The most significant motivation behind calculations in data mining will play out excavation on incomprehensible past examples since the extremely large data size. During late occasions there are numerous phenomenal improvements in data assembling because of the advancement in the field of data innovation. Lately, Privacy issues in data Preservation didn't get a lot of consideration in the process mining network; nonetheless, a few protection safeguarding procedures in data change strategies have been proposed in the data mining network. There are more normal distinction between data mining and cycle mining exist yet there are key contrasts that make protection safeguarding data mining methods inadmissible to mysterious cycle data. Results dependent on the data mining calculation can be utilized in different regions, for example, Showcasing, climate estimating and Picture Examination. It is likewise uncovered that some delicate data has a result of the mining calculation. Here we can safeguard the Privacy by utilizing PPT (Privacy Preservation Techniques) strategies. Important Concept in data mining is privacy preservation Techniques (PPT) because data exchanged between different persons needs security, so that other persons didn't know what actual data transferred between the actual persons.
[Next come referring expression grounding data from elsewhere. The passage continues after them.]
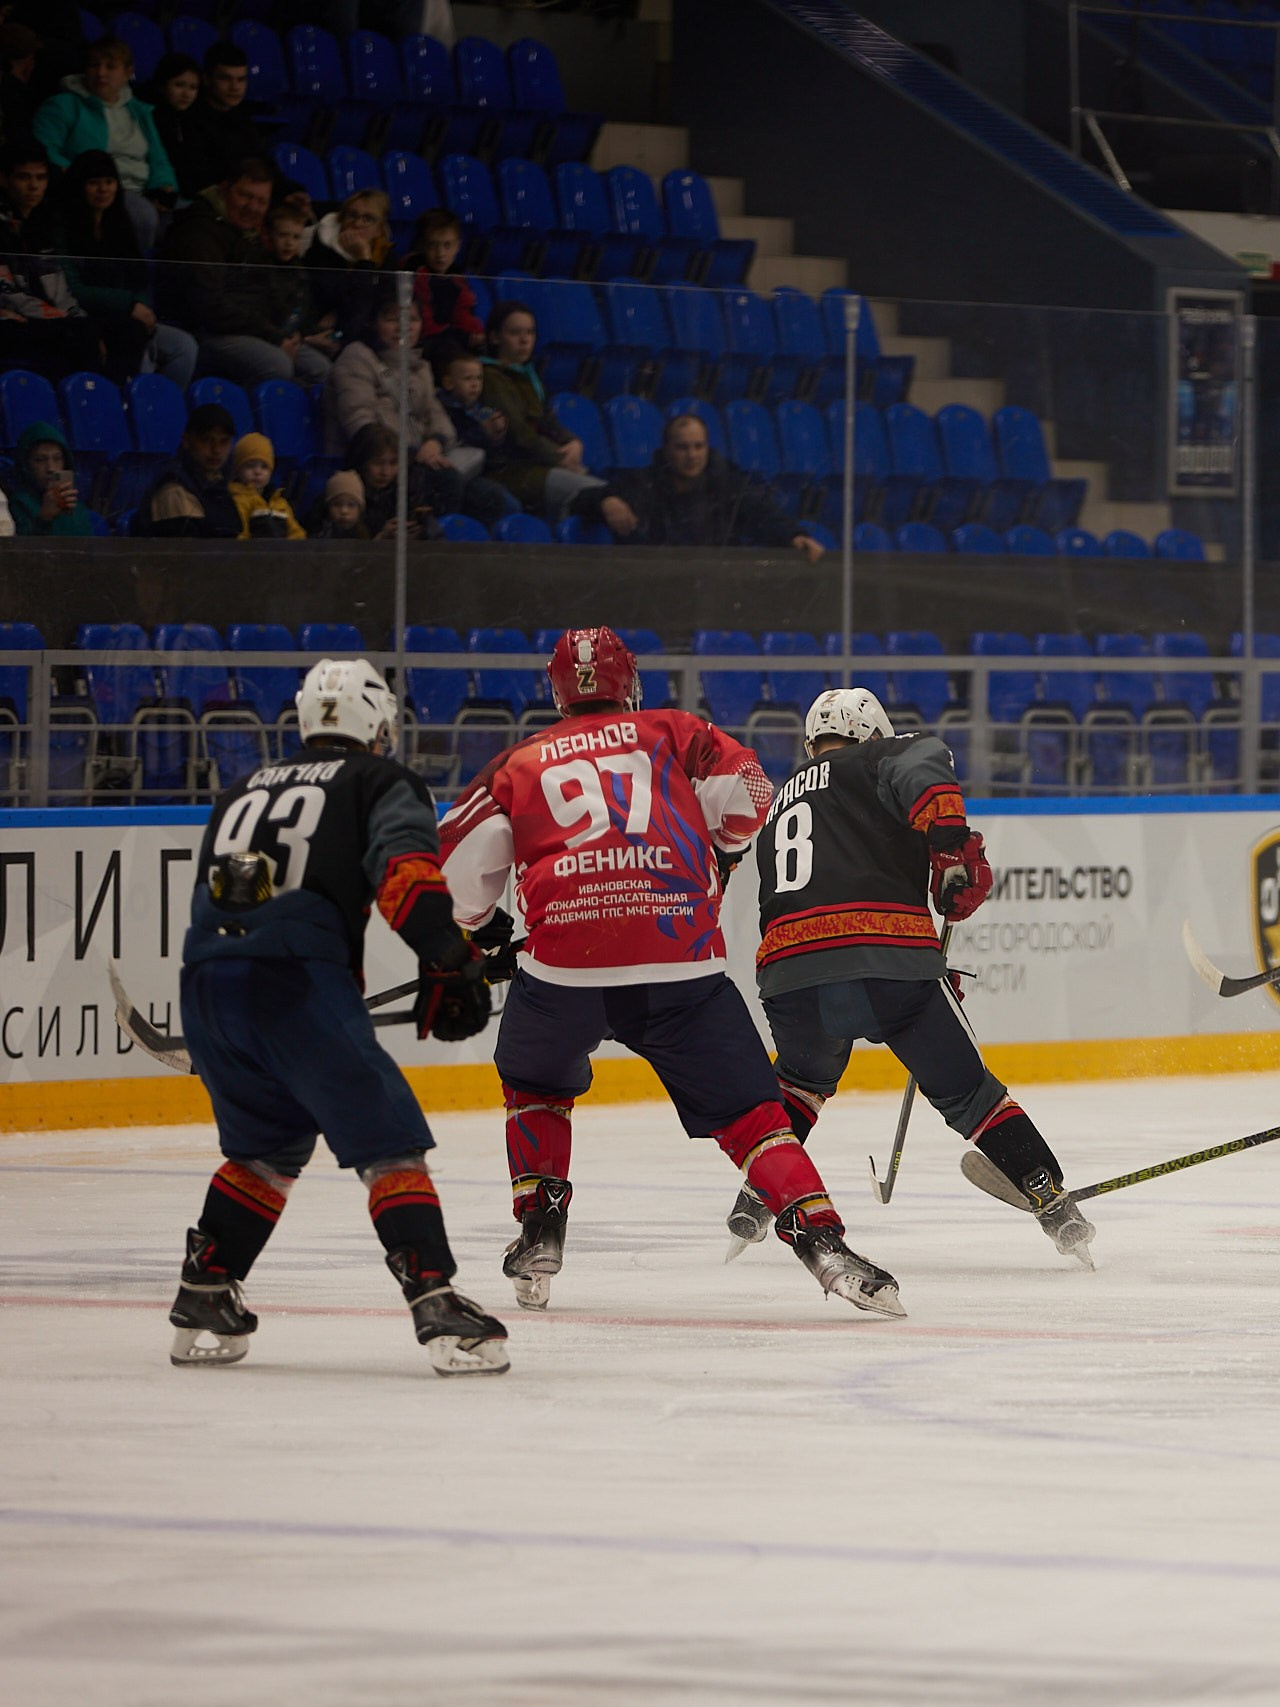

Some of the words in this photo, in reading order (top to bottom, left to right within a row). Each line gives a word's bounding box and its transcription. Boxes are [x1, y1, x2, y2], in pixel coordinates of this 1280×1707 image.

[540, 722, 638, 763] ЛЕОНОВ
[540, 750, 652, 849] 97
[208, 785, 327, 898] 93
[554, 845, 673, 878] ФЕНИКС
[774, 801, 814, 894] 8
[578, 880, 652, 896] ИВАНОВСКАЯ
[985, 866, 1133, 900] ИТЕЛЬСТВО
[602, 906, 624, 919] ГПС
[626, 904, 650, 916] МЧС
[652, 904, 695, 916] РОССИИ
[1098, 1138, 1247, 1193] SHERWOOD
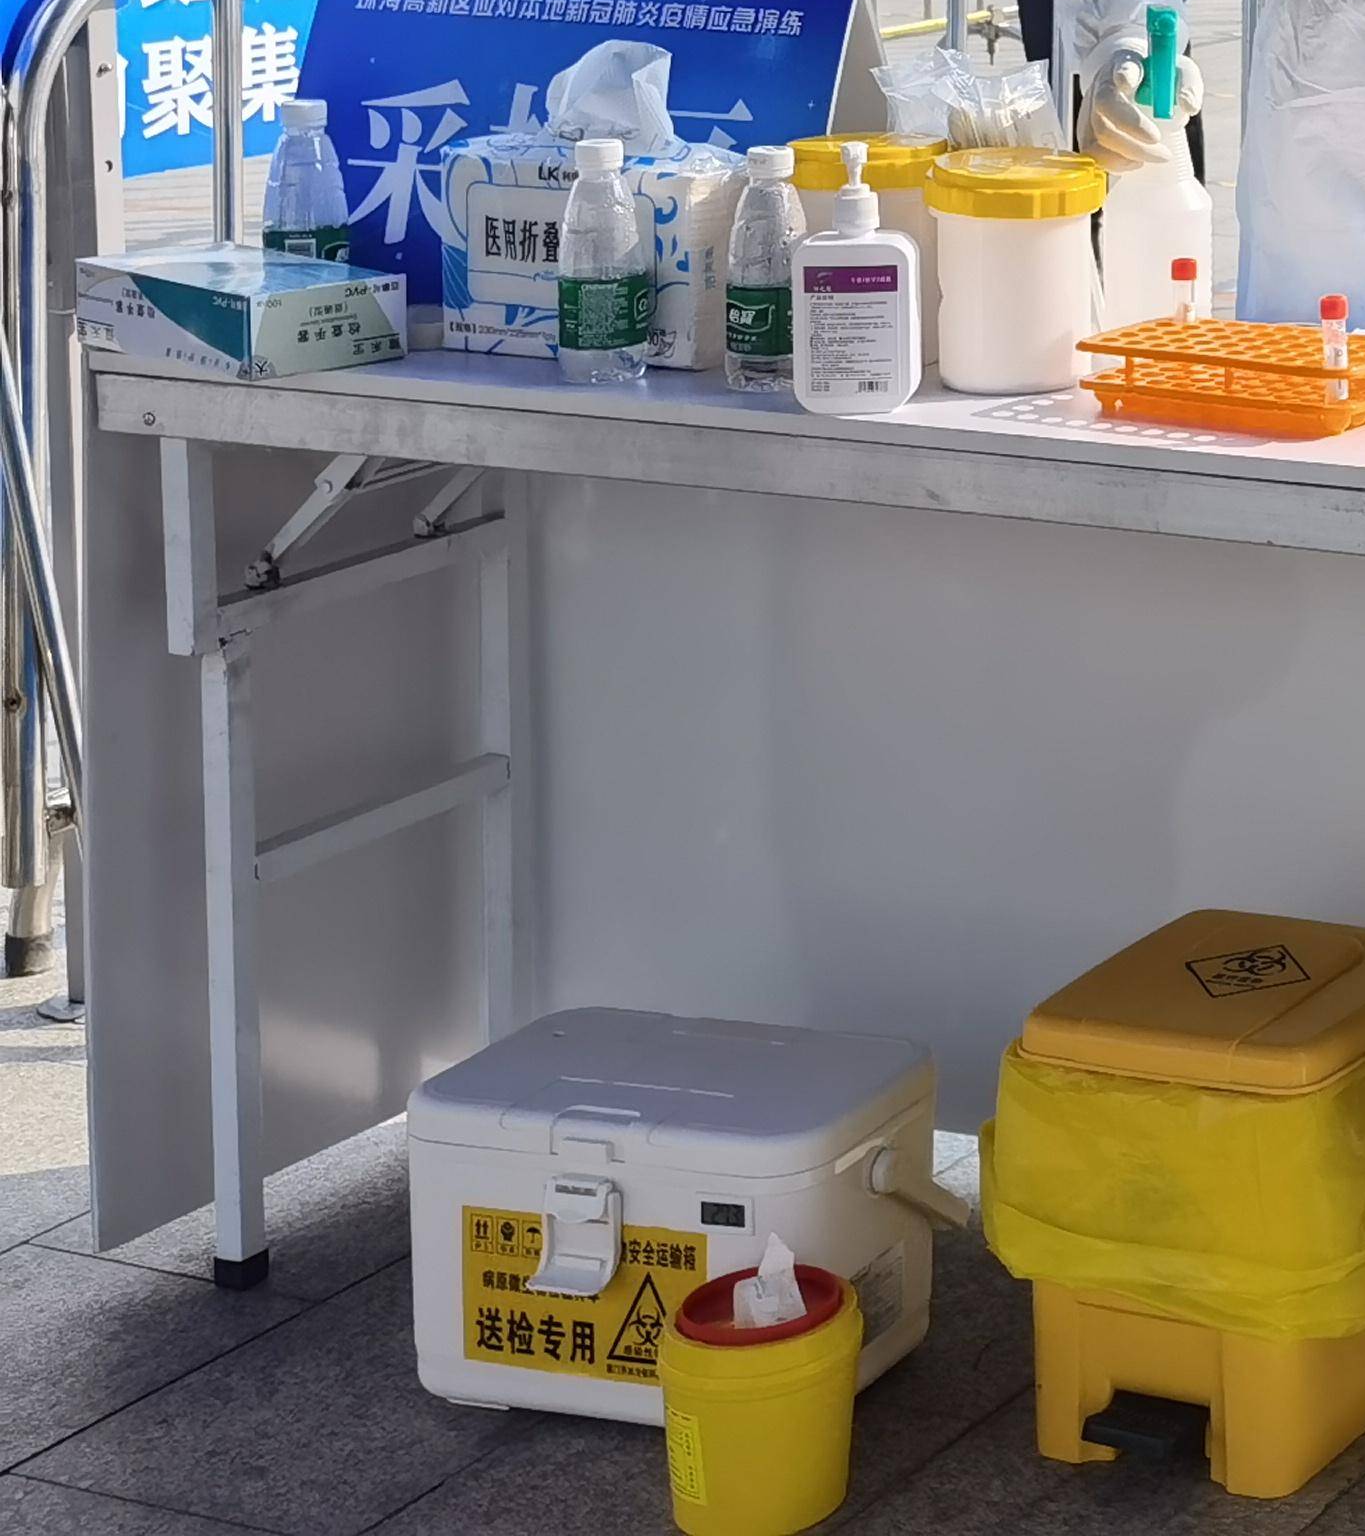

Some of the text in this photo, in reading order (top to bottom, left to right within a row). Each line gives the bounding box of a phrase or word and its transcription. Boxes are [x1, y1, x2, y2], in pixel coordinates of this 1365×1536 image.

[118, 22, 300, 140] 聚集
[476, 1308, 596, 1365] 送检专用
Preservation in data mining deals that not showing the output information / data in the data mining by using various methods while the output data is precious. There are two techniques used for privacy preservation techniques. One is to alter the input information / data and another one is to alter the output information / data. The method is proposed for protection safeguarding in data base environmental factors is data change. This capacity has fuzzy three-sided participation with this strategy for data change to change the first data collection.